Juan Miguel Elorde (born 25 October 1986) is a Filipino boxer. He is the reigning WBO Asia Pacific super bantamweight champion and goes undefeated since he won the championship title in 2015. He is currently ranked no. 4 WBO Super Bantamweight division. He is managed and promoted by his father Johnny Elorde. Currently trained by Toto Laurente of Palompon City, Leyte.

Early years

Mig is the son of Johnny Elorde and grandson of late boxer Gabriel Elorde. He finished a Bachelor of Science degree in Hotel, Restaurant and Institution Management major in Culinary Arts at the De La Salle–College of Saint Benilde in 2008.

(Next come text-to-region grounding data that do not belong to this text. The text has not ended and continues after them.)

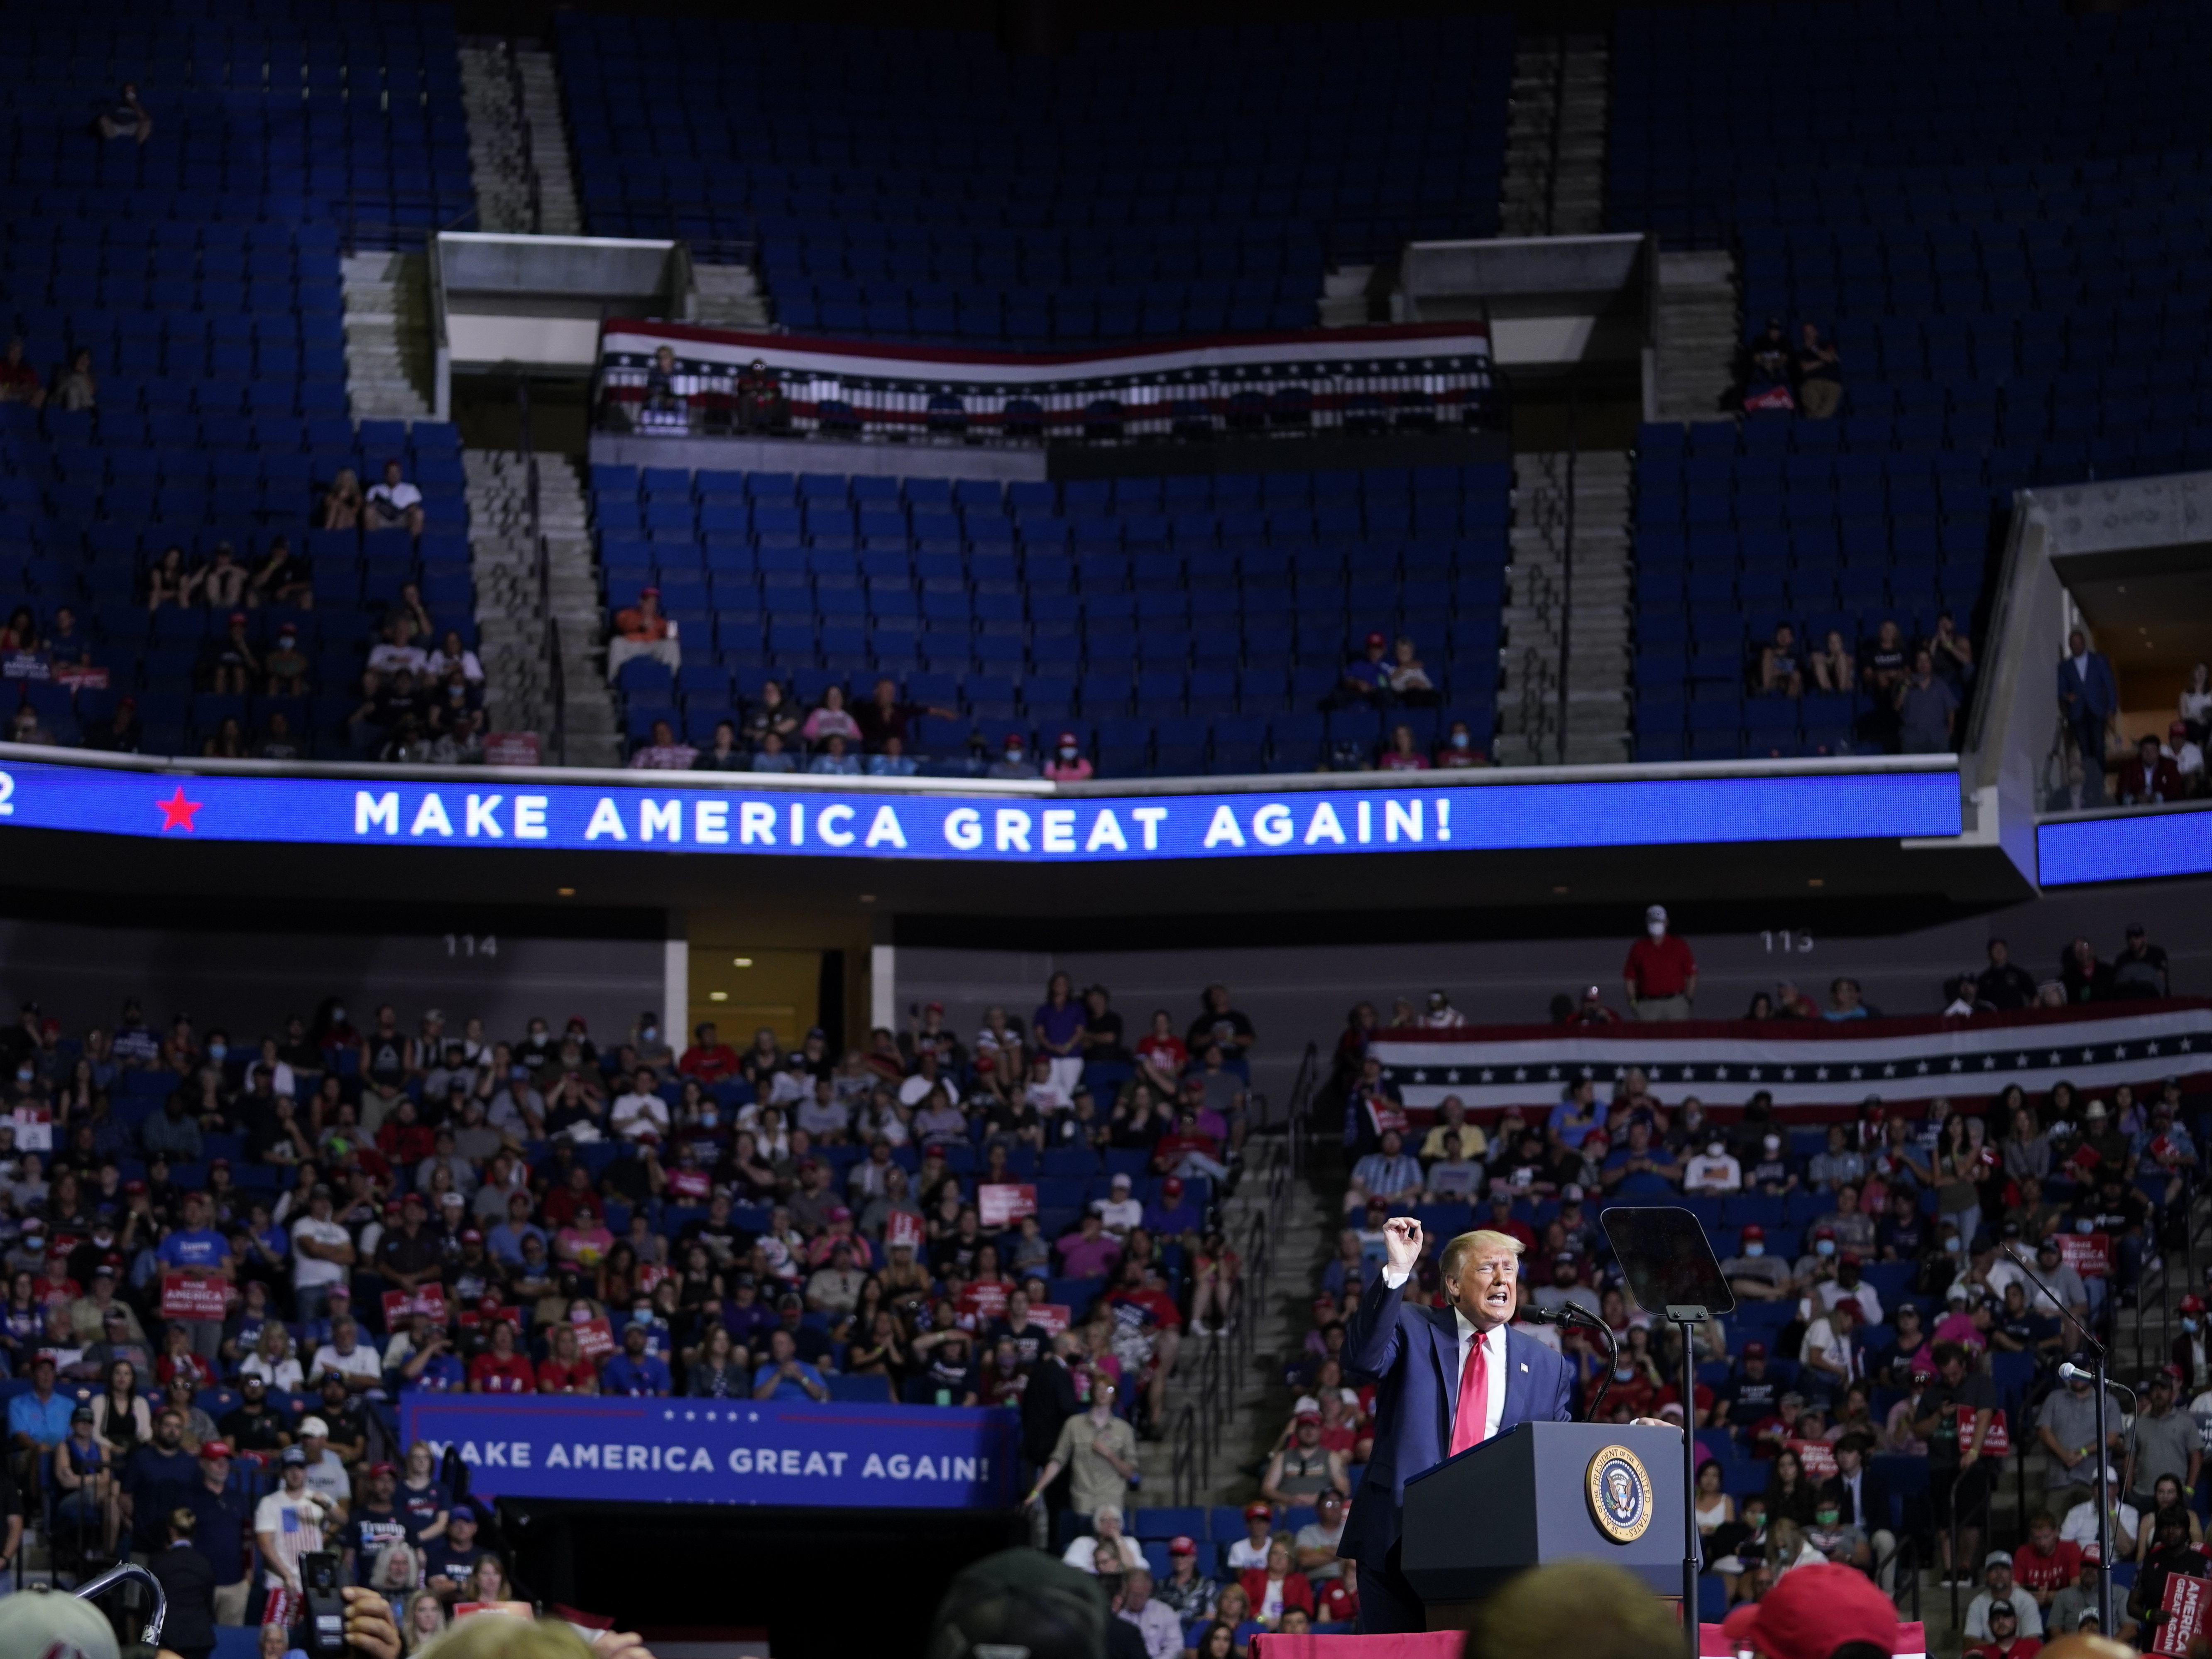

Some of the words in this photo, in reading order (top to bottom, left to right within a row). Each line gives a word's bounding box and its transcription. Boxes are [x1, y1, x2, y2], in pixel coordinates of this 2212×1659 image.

[354, 790, 548, 839] MAKE
[584, 797, 907, 849] AMERICA
[943, 807, 1168, 853] GREAT
[1203, 798, 1451, 849] AGAIN!
[444, 933, 498, 958] 114
[1759, 928, 1814, 954] 113
[2062, 1249, 2104, 1260] MERICA
[166, 1289, 223, 1301] AMERICA
[1960, 1422, 2005, 1437] AMCA
[546, 1443, 714, 1471] AMERICA
[729, 1448, 848, 1476] GREAT
[862, 1453, 990, 1483] AGAIN!
[1593, 1449, 1618, 1486] PRESIDENT
[1626, 1454, 1635, 1464] THE
[1636, 1464, 1650, 1503] UNITED
[1603, 1513, 1619, 1535] SEAL
[1629, 1511, 1649, 1537] STATES
[2171, 1578, 2186, 1616] GREAT
[2175, 1580, 2200, 1653] AMERICA
[2163, 1616, 2179, 1653] AGAIN

His brother Juan Martin Elorde is also a boxer and his other brother Nico Elorde is a professional basketball player in the Philippines playing in the PBA.

Mig and his brothers were introduced to boxing by his father as a way to induce discipline. He started fighting in amateur boxing at age 14. He turned professional boxer after he finished his college studies.

Notable fights

Juan Miguel Elorde vs Tabthong Tor Buamas
Mig defeated former Thailand flyweight champion Tabthong Tor Buamas via unanimous decision to win the  WBO Asia Pacific super bantamweight title. He outpointed the Thai in all rounds with his speed and combination shots to the Thai's body.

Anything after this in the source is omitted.